• _Your goal_
Every line of the material must be copied exactly.

+++

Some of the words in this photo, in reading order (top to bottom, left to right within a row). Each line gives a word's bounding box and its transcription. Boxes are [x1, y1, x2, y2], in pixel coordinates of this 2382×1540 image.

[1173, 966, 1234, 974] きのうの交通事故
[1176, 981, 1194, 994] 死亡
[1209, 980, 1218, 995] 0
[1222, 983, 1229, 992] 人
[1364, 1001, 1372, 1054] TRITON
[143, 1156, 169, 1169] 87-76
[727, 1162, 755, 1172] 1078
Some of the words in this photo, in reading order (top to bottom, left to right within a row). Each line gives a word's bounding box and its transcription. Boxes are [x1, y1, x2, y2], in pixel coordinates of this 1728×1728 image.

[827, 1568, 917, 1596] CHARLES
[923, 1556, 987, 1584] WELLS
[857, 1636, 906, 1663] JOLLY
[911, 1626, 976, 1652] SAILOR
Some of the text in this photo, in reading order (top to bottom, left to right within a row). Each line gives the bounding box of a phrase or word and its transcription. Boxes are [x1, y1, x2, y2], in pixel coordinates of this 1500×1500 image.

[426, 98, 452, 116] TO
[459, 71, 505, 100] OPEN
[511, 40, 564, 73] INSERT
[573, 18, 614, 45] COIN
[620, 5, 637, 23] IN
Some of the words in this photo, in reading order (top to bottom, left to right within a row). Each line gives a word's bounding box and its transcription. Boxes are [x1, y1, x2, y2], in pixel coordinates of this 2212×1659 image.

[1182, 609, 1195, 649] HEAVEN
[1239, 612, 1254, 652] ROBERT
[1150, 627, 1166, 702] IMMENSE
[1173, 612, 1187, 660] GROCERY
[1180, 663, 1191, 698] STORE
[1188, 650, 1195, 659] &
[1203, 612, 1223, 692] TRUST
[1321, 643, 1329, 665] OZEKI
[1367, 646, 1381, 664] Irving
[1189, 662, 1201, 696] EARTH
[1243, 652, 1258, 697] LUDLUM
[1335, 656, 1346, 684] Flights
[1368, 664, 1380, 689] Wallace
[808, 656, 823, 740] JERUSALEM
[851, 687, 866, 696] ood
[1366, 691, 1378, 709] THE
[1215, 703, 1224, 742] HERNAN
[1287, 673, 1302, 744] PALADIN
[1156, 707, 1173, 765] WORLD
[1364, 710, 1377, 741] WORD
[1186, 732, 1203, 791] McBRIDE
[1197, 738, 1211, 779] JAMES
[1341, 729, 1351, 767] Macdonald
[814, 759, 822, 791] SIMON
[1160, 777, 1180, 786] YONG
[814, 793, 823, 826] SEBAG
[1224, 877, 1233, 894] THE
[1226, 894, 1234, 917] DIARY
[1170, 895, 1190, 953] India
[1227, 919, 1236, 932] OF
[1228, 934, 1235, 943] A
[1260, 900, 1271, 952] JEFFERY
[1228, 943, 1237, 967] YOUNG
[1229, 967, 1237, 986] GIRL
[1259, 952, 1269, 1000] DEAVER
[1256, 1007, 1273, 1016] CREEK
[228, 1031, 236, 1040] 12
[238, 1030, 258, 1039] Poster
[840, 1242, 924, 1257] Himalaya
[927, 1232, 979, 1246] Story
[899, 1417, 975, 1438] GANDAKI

+++

• _Reply to the task_
Some of the words in this photo, in reading order (top to bottom, left to right within a row). Each line gives a word's bounding box and its transcription. Boxes are [x1, y1, x2, y2], in pixel coordinates of this 2382×1540 image.

[1173, 966, 1234, 974] きのうの交通事故
[1176, 981, 1194, 994] 死亡
[1209, 980, 1218, 995] 0
[1222, 983, 1229, 992] 人
[1364, 1001, 1372, 1054] TRITON
[143, 1156, 169, 1169] 87-76
[727, 1162, 755, 1172] 1078
Some of the words in this photo, in reading order (top to bottom, left to right within a row). Each line gives a word's bounding box and its transcription. Boxes are [x1, y1, x2, y2], in pixel coordinates of this 1728×1728 image.

[827, 1568, 917, 1596] CHARLES
[923, 1556, 987, 1584] WELLS
[857, 1636, 906, 1663] JOLLY
[911, 1626, 976, 1652] SAILOR
Some of the text in this photo, in reading order (top to bottom, left to right within a row). Each line gives the bounding box of a phrase or word and its transcription. Boxes are [x1, y1, x2, y2], in pixel coordinates of this 1500×1500 image.

[426, 98, 452, 116] TO
[459, 71, 505, 100] OPEN
[511, 40, 564, 73] INSERT
[573, 18, 614, 45] COIN
[620, 5, 637, 23] IN
Some of the words in this photo, in reading order (top to bottom, left to right within a row). Each line gives a word's bounding box and its transcription. Boxes are [x1, y1, x2, y2], in pixel coordinates of this 2212×1659 image.

[1182, 609, 1195, 649] HEAVEN
[1239, 612, 1254, 652] ROBERT
[1150, 627, 1166, 702] IMMENSE
[1173, 612, 1187, 660] GROCERY
[1180, 663, 1191, 698] STORE
[1188, 650, 1195, 659] &
[1203, 612, 1223, 692] TRUST
[1321, 643, 1329, 665] OZEKI
[1367, 646, 1381, 664] Irving
[1189, 662, 1201, 696] EARTH
[1243, 652, 1258, 697] LUDLUM
[1335, 656, 1346, 684] Flights
[1368, 664, 1380, 689] Wallace
[808, 656, 823, 740] JERUSALEM
[851, 687, 866, 696] ood
[1366, 691, 1378, 709] THE
[1215, 703, 1224, 742] HERNAN
[1287, 673, 1302, 744] PALADIN
[1156, 707, 1173, 765] WORLD
[1364, 710, 1377, 741] WORD
[1186, 732, 1203, 791] McBRIDE
[1197, 738, 1211, 779] JAMES
[1341, 729, 1351, 767] Macdonald
[814, 759, 822, 791] SIMON
[1160, 777, 1180, 786] YONG
[814, 793, 823, 826] SEBAG
[1224, 877, 1233, 894] THE
[1226, 894, 1234, 917] DIARY
[1170, 895, 1190, 953] India
[1227, 919, 1236, 932] OF
[1228, 934, 1235, 943] A
[1260, 900, 1271, 952] JEFFERY
[1228, 943, 1237, 967] YOUNG
[1229, 967, 1237, 986] GIRL
[1259, 952, 1269, 1000] DEAVER
[1256, 1007, 1273, 1016] CREEK
[228, 1031, 236, 1040] 12
[238, 1030, 258, 1039] Poster
[840, 1242, 924, 1257] Himalaya
[927, 1232, 979, 1246] Story
[899, 1417, 975, 1438] GANDAKI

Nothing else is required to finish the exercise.